10

“Is it permitted to ask where we are going?” Jason said as the war party moved slowly down the grassy hillside. They were spread out in a wide crescent with Temuchin and Jason at the center, with the inoropes dragging the carcass of their fellow close by.

“No,” Temuchin said, which pretty well took care of that.

It was a smooth descent, as though the plains below were rising up to meet the escarpment, now invisible in the rain behind them. Grass and small shrubs covered the hill, cut through by streams and freshets. As they went lower, these joined to form good-sized brooks. The moropes splashed through them, snorting at the presence of such prodigious amounts of water. And the temperature rose. Jason and the others opened the ties that sealed their clothing, and he was happy to tilt his helm back so the fine drizzle fell onto his overheated face. He wiped away the layer of grease that had covered his skin and began to think about the possibilities of bathing again.
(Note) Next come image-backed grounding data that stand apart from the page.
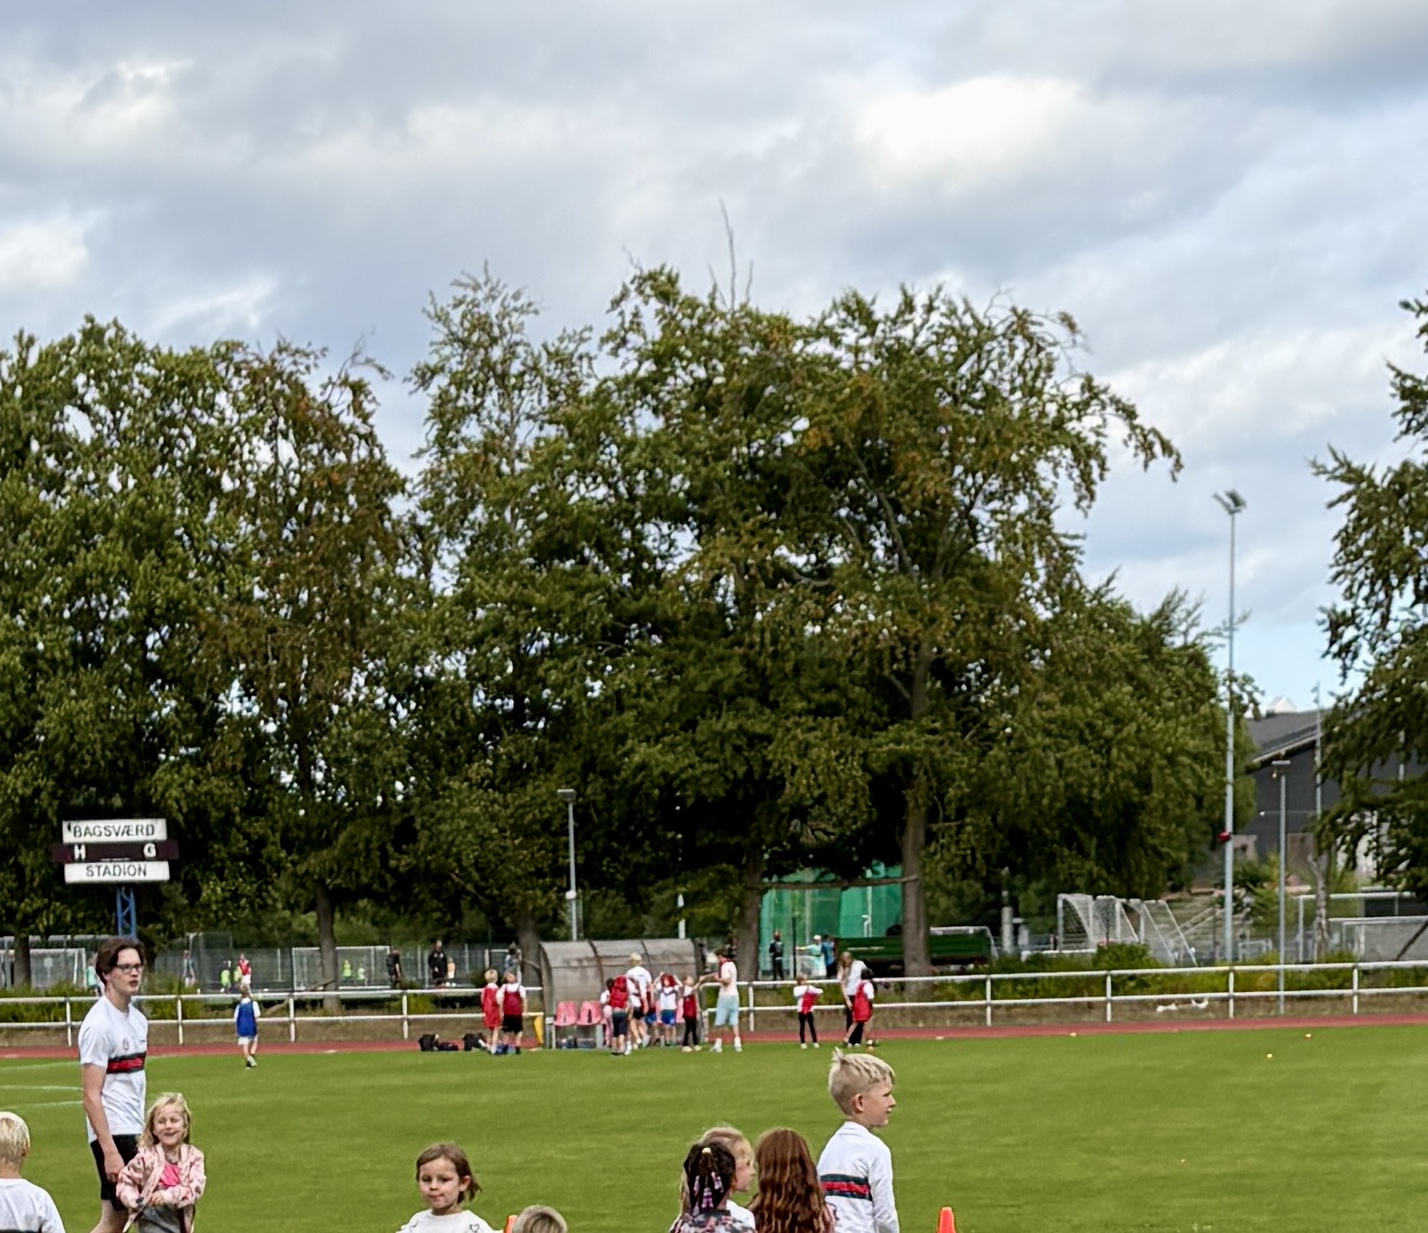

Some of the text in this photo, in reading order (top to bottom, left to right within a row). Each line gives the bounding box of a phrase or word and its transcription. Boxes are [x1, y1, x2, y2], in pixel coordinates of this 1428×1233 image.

[73, 824, 155, 838] BAGSVÆRD
[74, 843, 156, 860] H G
[86, 864, 147, 877] STADION
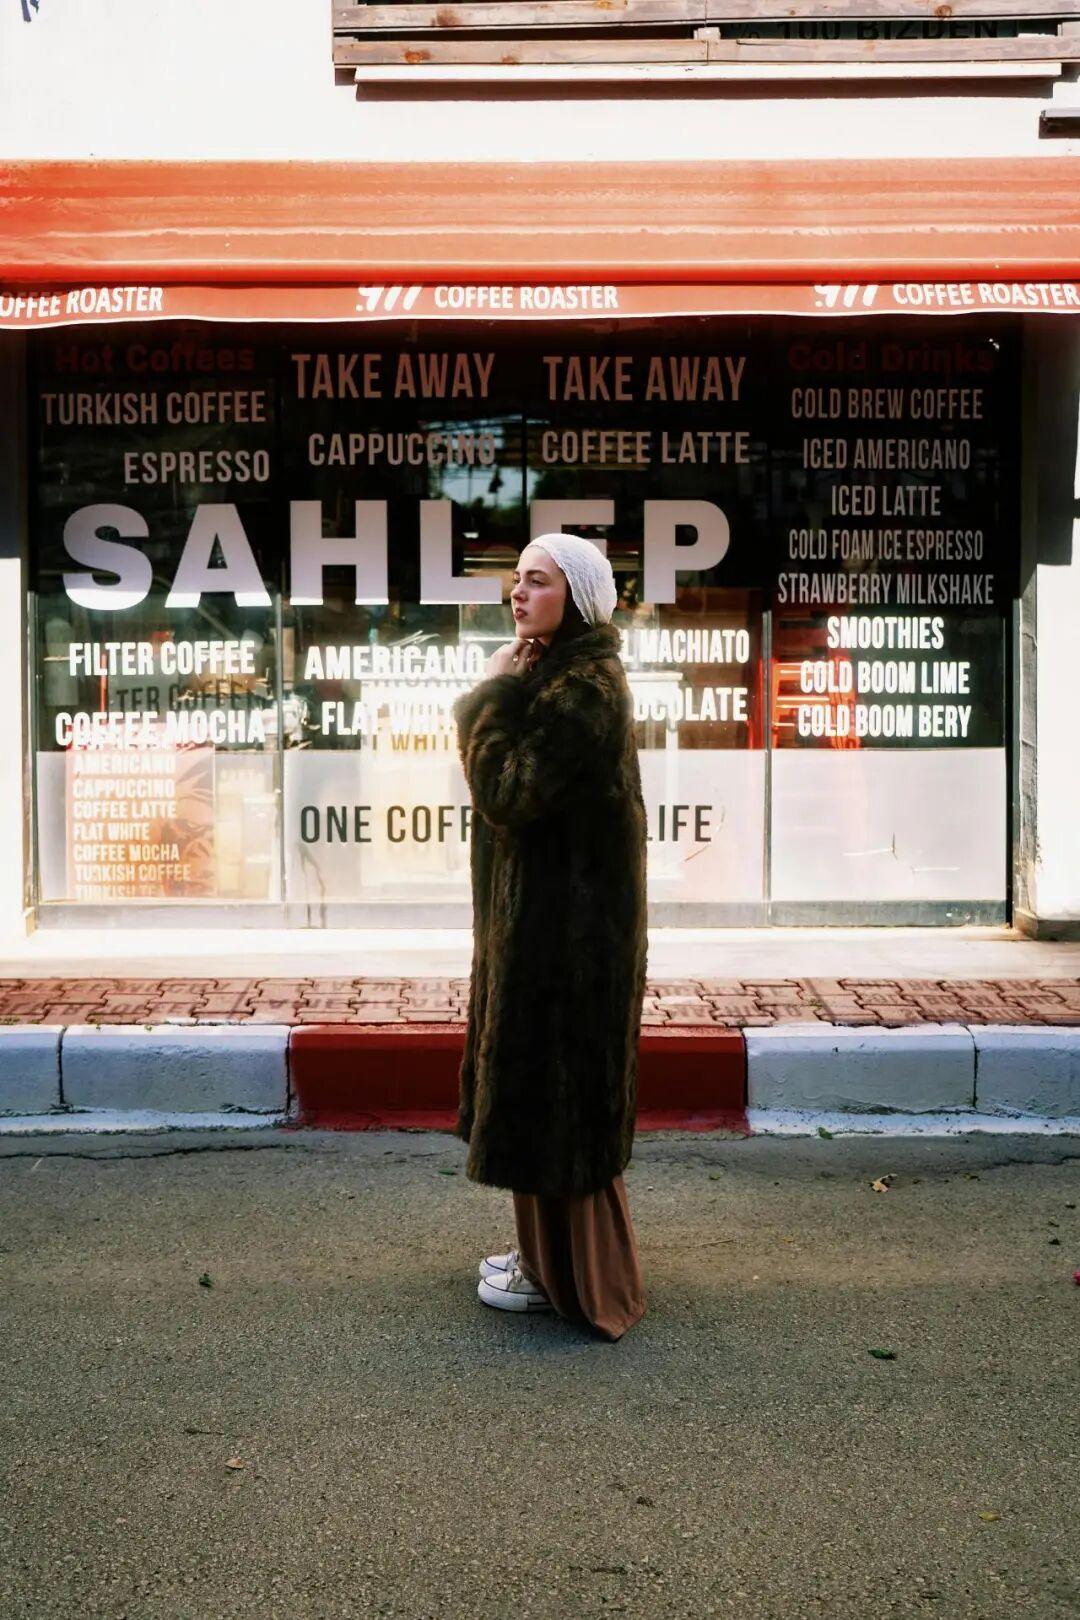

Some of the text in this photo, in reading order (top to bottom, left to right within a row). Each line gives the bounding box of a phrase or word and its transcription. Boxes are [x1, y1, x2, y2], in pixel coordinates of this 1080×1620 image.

[0, 286, 164, 318] OFFEE ROASTER
[434, 285, 514, 309] COFFEE
[520, 285, 619, 310] ROASTER
[892, 283, 975, 306] COFFEE
[977, 283, 1080, 306] ROASTER
[56, 340, 256, 373] Hot Coffees
[786, 340, 995, 373] Cold Drinks
[291, 352, 496, 399] TAKE AWAY
[542, 356, 747, 401] TAKE AWAY
[40, 391, 267, 425] TURKISH COFFEE
[791, 387, 984, 419] COLD BREW COFFEE
[308, 432, 496, 466] CAPPUCCINO
[541, 431, 750, 464] COFFEE LATTE
[803, 438, 971, 470] ICED AMERICANO
[124, 449, 270, 484] ESPRESSO
[831, 485, 942, 516] ICED LATTE
[789, 529, 984, 561] COLD FOAM ICE ESPRESSO
[777, 572, 994, 605] STRAWBERRY MILKSHAKE
[638, 629, 750, 664] MACHIATO
[826, 615, 945, 650] SMOOTHIES
[69, 640, 256, 676] FILTER COFFEE
[304, 645, 485, 680] AMERICANO
[799, 660, 971, 694] COLD BOOM LIME
[632, 686, 749, 722] OCOLATE
[55, 711, 159, 747] COFFEE
[165, 709, 266, 744] MOCHA
[798, 704, 972, 738] COLD BOOM BERY
[73, 754, 177, 774] AMERICANO
[72, 778, 175, 800] CAPPUCCINO
[72, 801, 177, 819] COFFEE LATTE
[301, 805, 473, 843] ONE COFF
[646, 805, 713, 842] IFE
[72, 822, 150, 841] FLAT WHITE
[72, 844, 180, 862] COFFEE MOCHA
[74, 864, 191, 883] TURKISH COFFEE
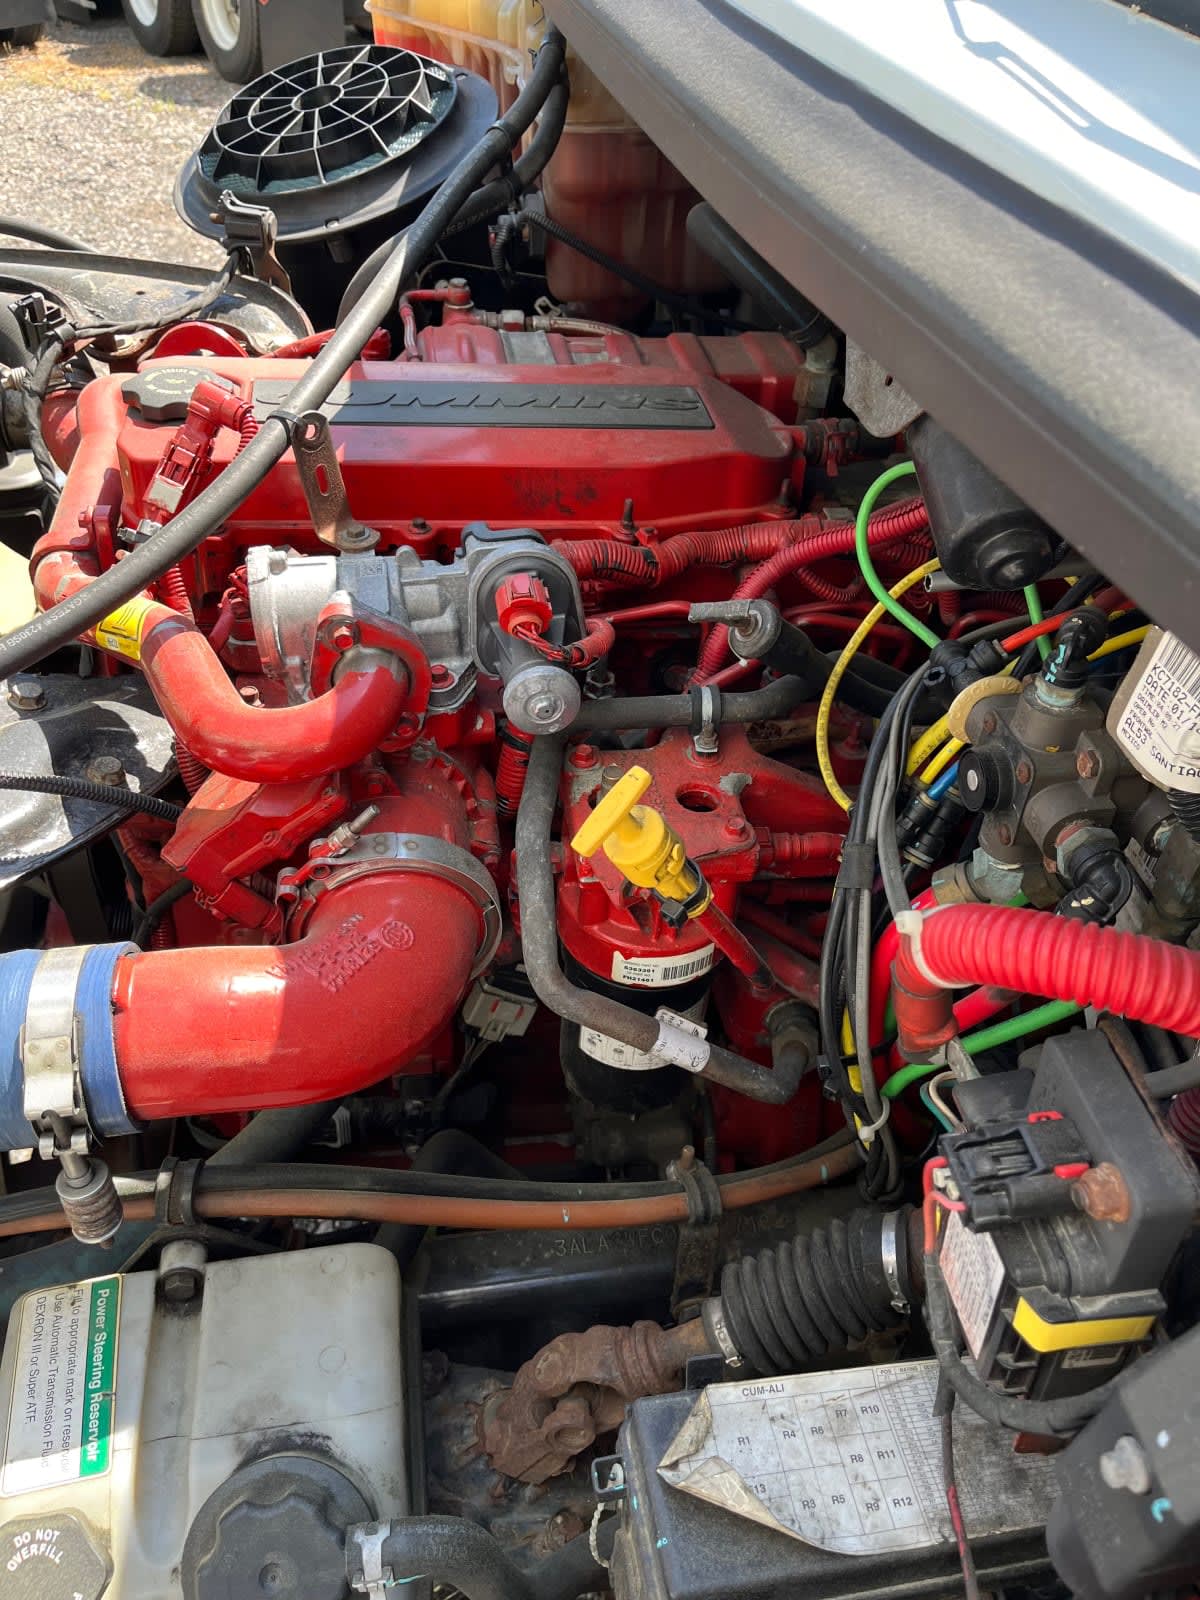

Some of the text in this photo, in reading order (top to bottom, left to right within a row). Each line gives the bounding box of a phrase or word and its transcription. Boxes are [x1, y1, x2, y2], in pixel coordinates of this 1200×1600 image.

[1125, 717, 1147, 745] AL53
[54, 1292, 65, 1312] Use
[32, 1296, 47, 1343] DEXRON
[48, 1314, 63, 1365] Automatic
[66, 1317, 80, 1375] appropriate
[86, 1288, 110, 1462] Power Steering Reservoir
[26, 1369, 40, 1397] Super
[65, 1377, 74, 1405] mark
[742, 1384, 785, 1398] CUM-ALI
[43, 1366, 59, 1438] Transmission
[63, 1407, 72, 1420] on
[835, 1408, 848, 1419] R7
[860, 1405, 880, 1416] R10
[737, 1436, 750, 1447] R1
[782, 1429, 797, 1440] R4
[851, 1453, 864, 1464] R8
[877, 1450, 896, 1460] R11
[802, 1499, 817, 1510] R3
[832, 1494, 846, 1505] R5
[893, 1497, 913, 1508] R12
[866, 1502, 880, 1512] R9
[13, 1528, 60, 1549] DO NOT
[7, 1543, 64, 1571] OVERFILL
The hill ended suddenly in a ragged cliff above a foam-flecked river. Temuchin ordered the corpse of the fallen animal and the festoons of rope dragged forward to the brink, where a squad of soldiers heaved and tipped it over the edge. It hit the water with a showering splash and, with a last, almost flippant wave of one claw-studded paw, it was whirled away and vanished from sight. Without hesitation Temuchin turned their course southwest along the river’s bank. It was obvious that he had been forewarned of this obstacle, and the march continued at its kilometer-eating pace.

By late afternoon the rain had stopped and the character of the country had completely changed. Patches of brush and wood dotted the plain and, not far ahead, an extensive forest was visible under the lowering sky. As soon as Temuchin saw it, he halted the march.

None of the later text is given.